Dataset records
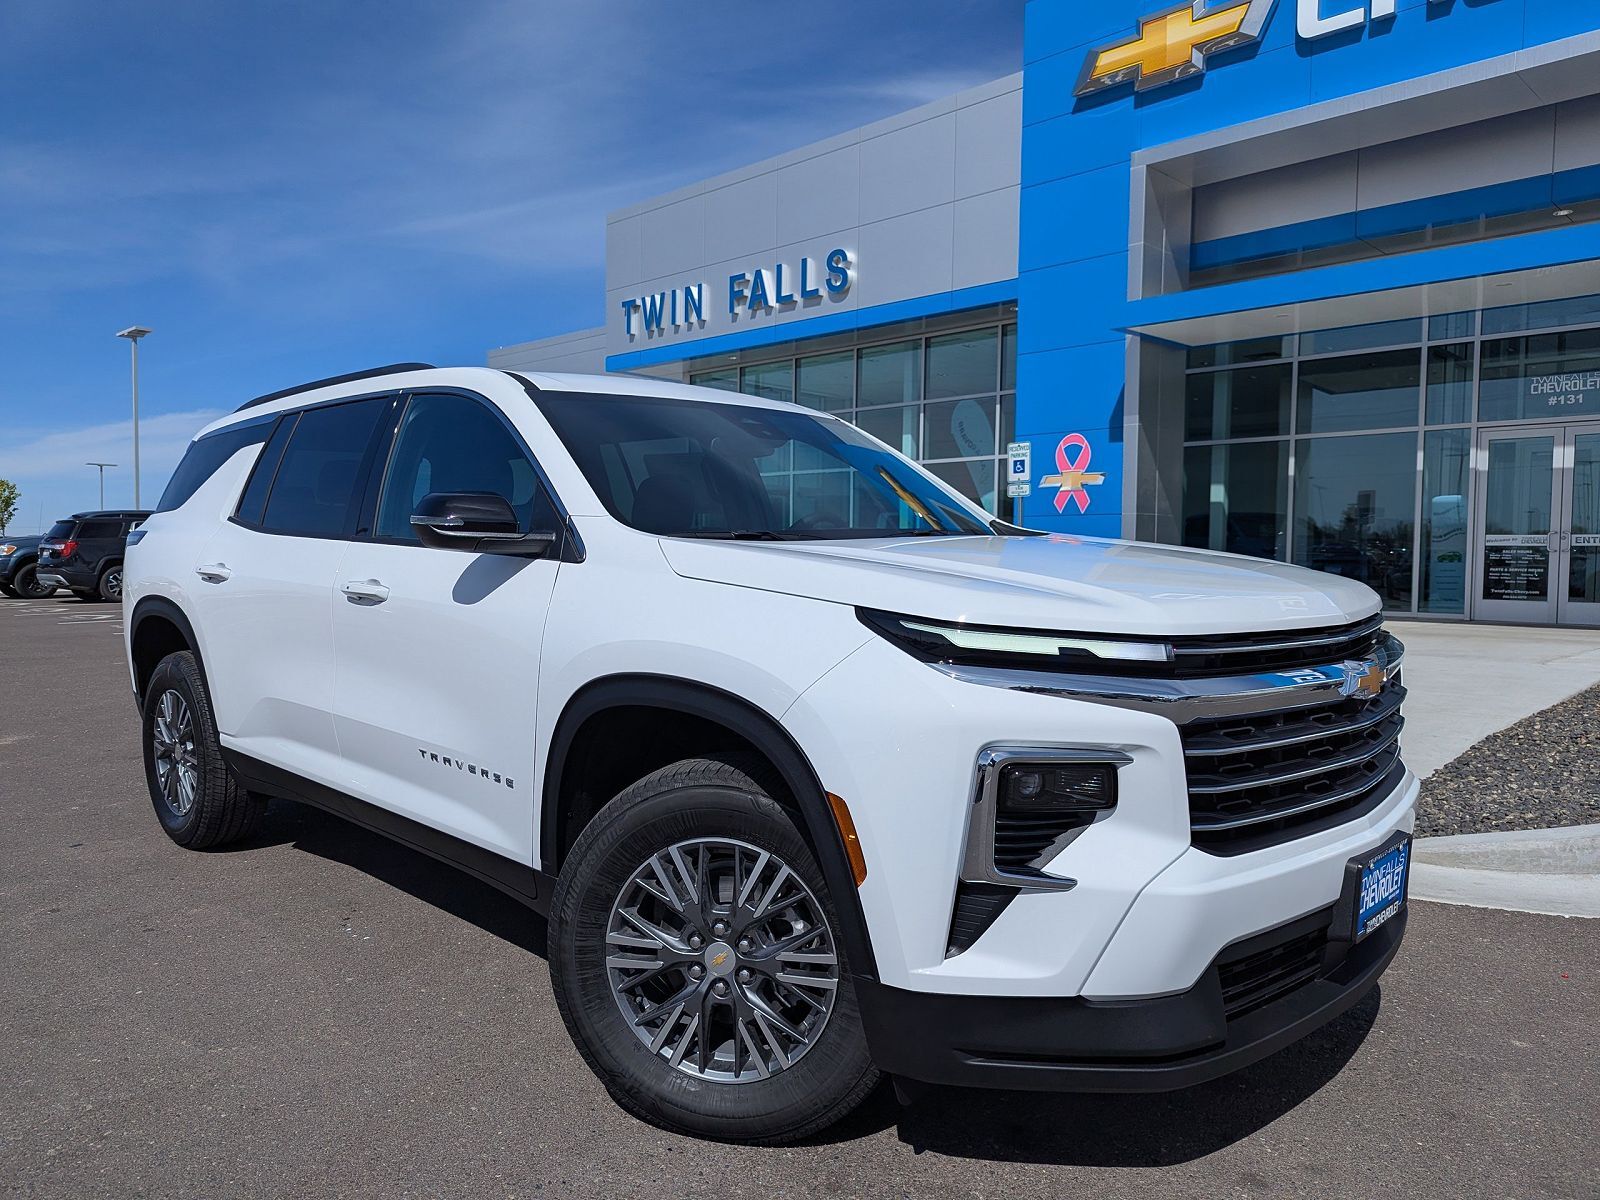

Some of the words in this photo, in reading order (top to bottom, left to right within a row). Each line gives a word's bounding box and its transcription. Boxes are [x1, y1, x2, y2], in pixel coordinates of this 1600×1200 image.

[622, 283, 706, 336] TWIN
[729, 248, 851, 314] FALLS
[1531, 379, 1600, 395] CHEVROLET
[1548, 394, 1583, 406] #131
[1575, 536, 1600, 544] ENT
[419, 748, 514, 789] TRAVERSE

[Exercise details]
The result should be the same data as above, line for line, with the pictures gone.

[The completed task]
Some of the words in this photo, in reading order (top to bottom, left to right within a row). Each line gives a word's bounding box and its transcription. Boxes are [x1, y1, x2, y2], in pixel coordinates of this 1600×1200 image.

[622, 283, 706, 336] TWIN
[729, 248, 851, 314] FALLS
[1531, 379, 1600, 395] CHEVROLET
[1548, 394, 1583, 406] #131
[1575, 536, 1600, 544] ENT
[419, 748, 514, 789] TRAVERSE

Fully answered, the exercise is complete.